Bild: „Was soll das sein?“ Bettina Stark-Watzinger, Bundesministerin für B…
Wenn es Sie reizt, eine stabile Gruppe von 10 Kindern oder 8 Jugendlichen
kontinuierlich über sechs Jahre zu begleiten, ihnen Basiskompetenzen und
Mediennutzung zu vermitteln, ihre Lernerfahrungen zu organisieren, in die
Bildungsprozesse das soziale Umfeld der Kinder einzubeziehen, und dabei
selbst neue Erfahrungen zu machen …“ – Die Bildungsministerin ließ die
Vorlage auf den Schreibtisch fallen: „Was soll denn das sein?“ Der junge
Staatssekretär errötete: Ich dachte, ich denke mal voraus …“ Seine Stimme
war leicht belegt.
„Ich habe das mal alles zusammengedacht: Die [1][60.000 Lehrer, die fehlen]
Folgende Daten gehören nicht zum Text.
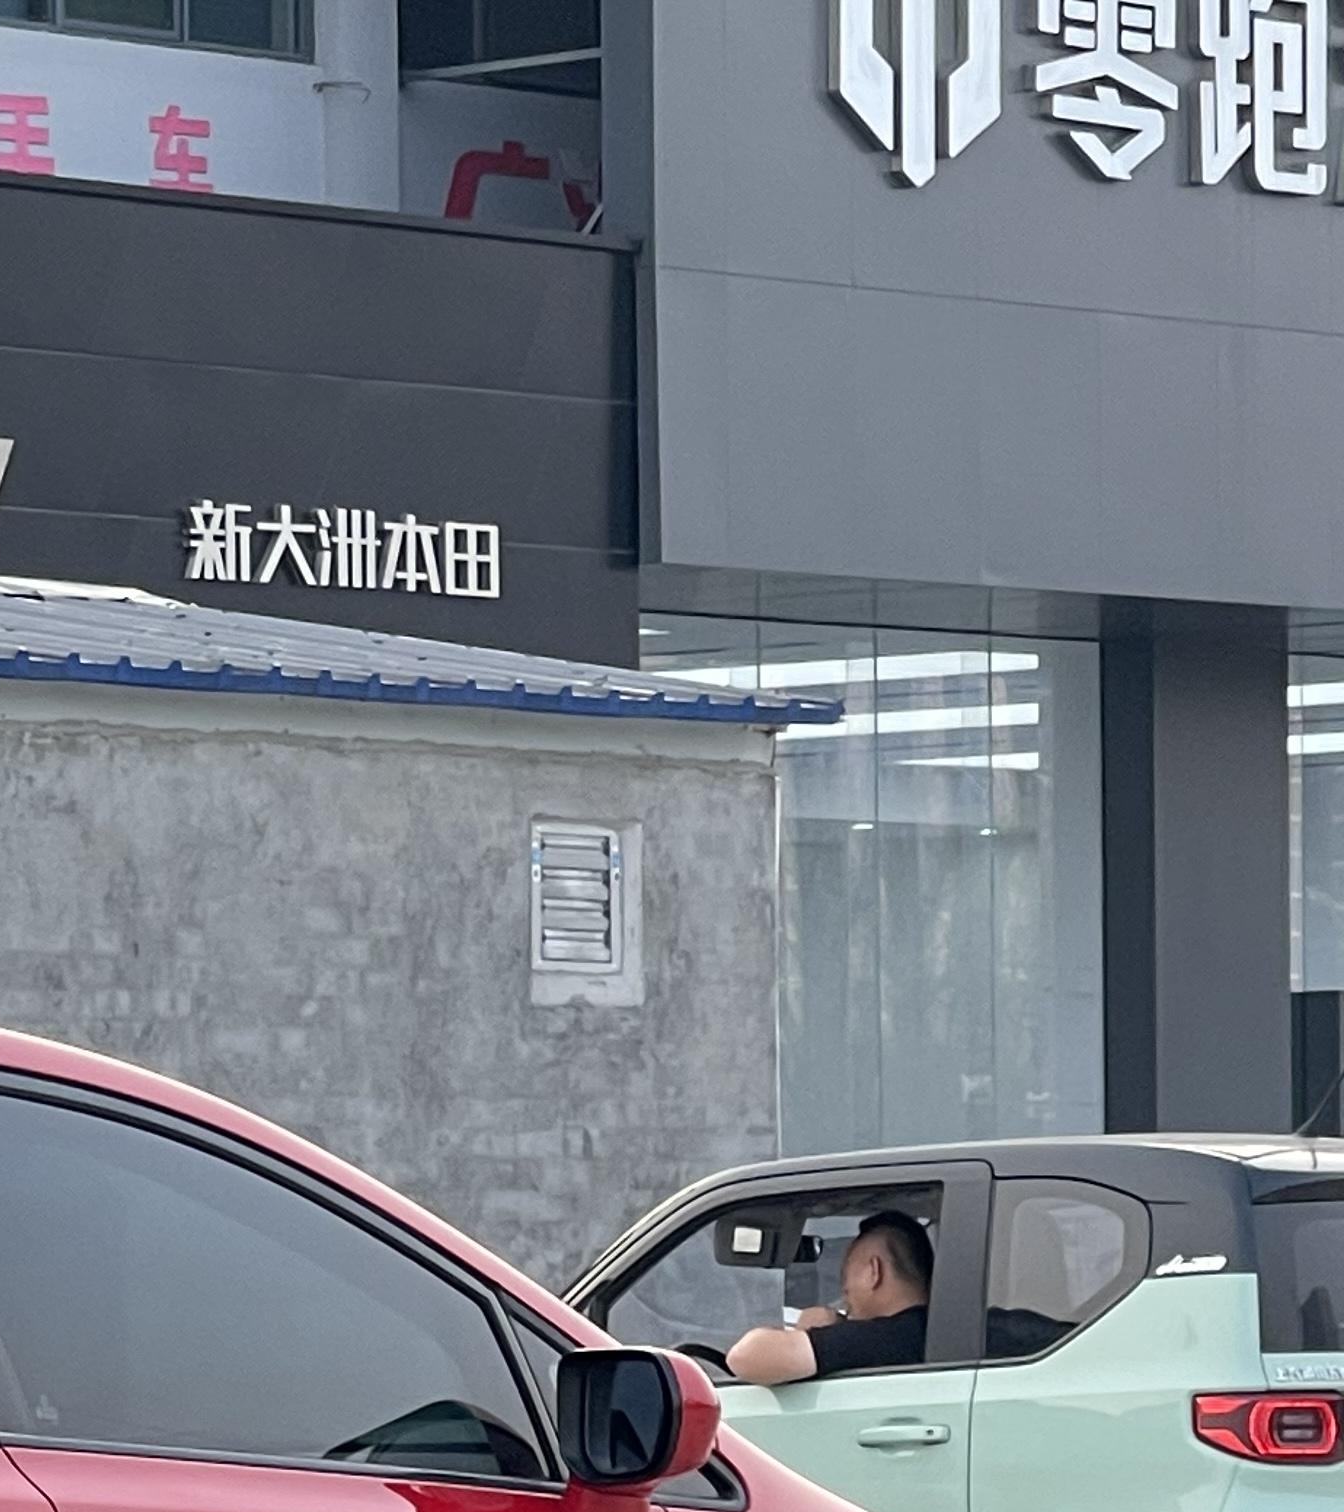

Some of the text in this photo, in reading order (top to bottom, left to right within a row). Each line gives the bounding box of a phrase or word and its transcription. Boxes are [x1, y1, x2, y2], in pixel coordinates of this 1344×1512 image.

und die geschrumpfte Attraktivität des Berufs – selbst die Verbeamtung
bringt’s ja nicht mehr. Zweitens, die [2][Silvesterkrawalle], also die
Problemviertel und Milieus. Drittens: die gesicherten Zahlen, dass ein
Viertel der Viertklässler nicht richtig schreiben und rechnen kann – und
beileibe nicht nur die Migrantenkinder. Und schließlich das, was uns die
Fortnite-Kultur und Chat-GTP noch erwarten lässt.“
„[3][Chat-GTP]?“ Die Ministerin hob die Augenbrauen. „Muss ich jetzt auch
noch wissen, was das ist?“ Der sehr junge Staatssekretär seufzte: „Ihre
Kollegen in den Ländern haben auch noch nichts davon gehört. Also, das ist
ein Computerprogramm, das druckreife Texte verfasst, in jeder gewünschten
Länge. Noch nicht perfekt, aber Schüler und Studenten benutzen es schon für
ihre Referate. In ein, zwei Jahren dürfte das Standard sein. Und niemand
weiß bis jetzt, was daraus für die Kompetenzen und die Leistungsbeurteilung
folgt, und ob man da überhaupt noch gegensteuern kann.“
„Und was hat das alles jetzt mit dieser … Stellenanzeige zu tun, die Sie
mir hinterlegt haben?“ Der junge Staatssekretär holte tief Luft. „Ich
denke, wir müssen Schule völlig neu denken. Dieses System ist nicht zu
retten. Es muss zusammenbrechen, vorher passiert nichts. Mit den
bestehenden Strukturen können wir weder das Integrationsproblem, noch die
[4][Leistungsschwächen], noch die fehlgeleitete Digitalisierung, noch den
Lehrermangel, noch den Motivationsschwund korrigieren.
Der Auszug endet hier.